I’ve used the Python flavor of html5lib in a couple of different projects now (xkcd2 and Engineer) and there’s really one thing that stands out to me: it has absolutely horrendous documentation. Well, it’s really just that it has none to speak of, and to be fair, it could be worse… It could be voluminous yet misleading or poorly organized, but instead there just isn’t any.

Of course, it’d be understandable for you to think otherwise. If you visit the Github repo, you’re provided with some simple examples of creating a parser and parsing some documents. These examples are pretty standard fare – they give you a taste of what to expect but don’t give you enough to actually use the library.

You’re happily informed that “More documentation is available at http://html5lib.readthedocs.org/” but if you head over there you’ll notice that there isn’t really much more there. The “more documentation” they speak of is a single page with information about “the moving parts” which just doesn’t do much to help you know how to actually use the API to do anything really meaningful.

The only reason I cared at all about html5lib this evening was because I set up a fresh virtualenv and installed Engineer, only to be greeted by an exception when I tried to build my site. Ugh. Turns out html5lib has pushed out a couple of new versions since I last installed Engineer, and one of those updates broke my code.

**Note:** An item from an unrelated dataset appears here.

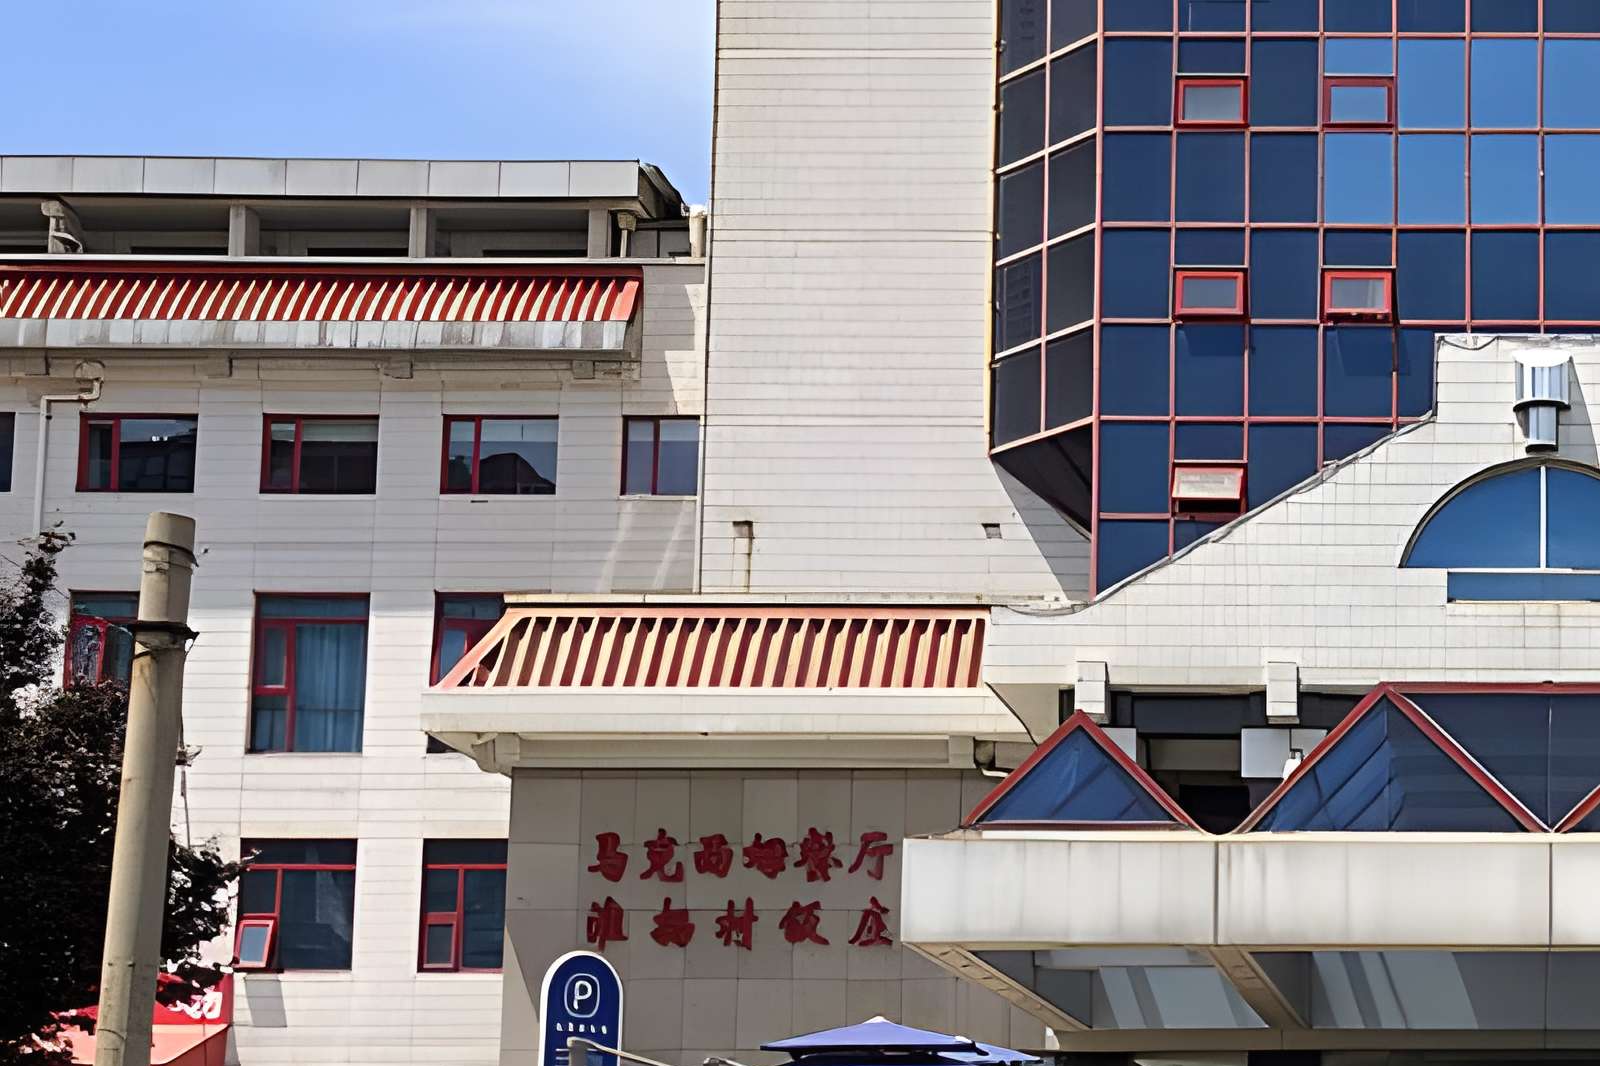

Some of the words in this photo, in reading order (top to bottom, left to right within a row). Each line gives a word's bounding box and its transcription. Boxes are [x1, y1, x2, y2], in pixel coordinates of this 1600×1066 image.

[587, 828, 894, 883] 马克西姆餐厅
[573, 980, 592, 1010] P

¹ It didn’t take long to narrow things down to my simple html5lib.parseFragment() call, which was now throwing an exception. Fixing that was relatively straightforward, though it was pretty much me just trying random arguments in the method call. Going further down the rabbit hole, though, it’s become clear that the fix is not as simple as I’d hoped, so I’m just cauterizing things for now. This actually turns out to be pretty important since right now anyone trying out Engineer 0.4.3 (the most recent version) will see an exception on their first build. Not exactly the first impression quality software should make, eh?

Documentation is incredibly important

The number one comment I’ve received from people trying out Engineer is, “Thanks, this is one of the best-documented systems I’ve looked at!” I’m very proud of that. One of the major contributing factors to me building Engineer in the first place was that I couldn’t get Hyde to actually work for my purposes, and the docs were either out of date or non-existent (and still are, apparently). I decided if I was going to build something I was going to at least write down how to use it. It took – and still takes – a lot of time, but it is totally worth it.

James Hague, in his recent post Organizational Skills Beat Algorithmic Wizardry, writes:

When it comes to writing code, the number one most important skill is how to keep a tangle of features from collapsing under the weight of its own complexity. I’ve worked on large telecommunications systems, console games, blogging software, a bunch of personal tools, and very rarely is there some tricky data structure or algorithm that casts a looming shadow over everything else. But there’s always lots of state to keep track of, rearranging of values, handling special cases, and carefully working out how all the pieces of a system interact. To a great extent the act of coding is one of organization. Refactoring. Simplifying. Figuring out how to remove extraneous manipulations here and there.

I couldn’t agree more, and one of the reasons I think documentation is important is that it’s a way of forcing yourself to explain what you’ve built. Much like rubber ducking can help you debug problems in code, attempting to document what you’ve written will inevitably help you find design flaws and unnecessary complexity. This is why I think it’s incredibly important for the documentation to be written largely by the people building the thing, and that it should be written alongside the actual code as much as possible.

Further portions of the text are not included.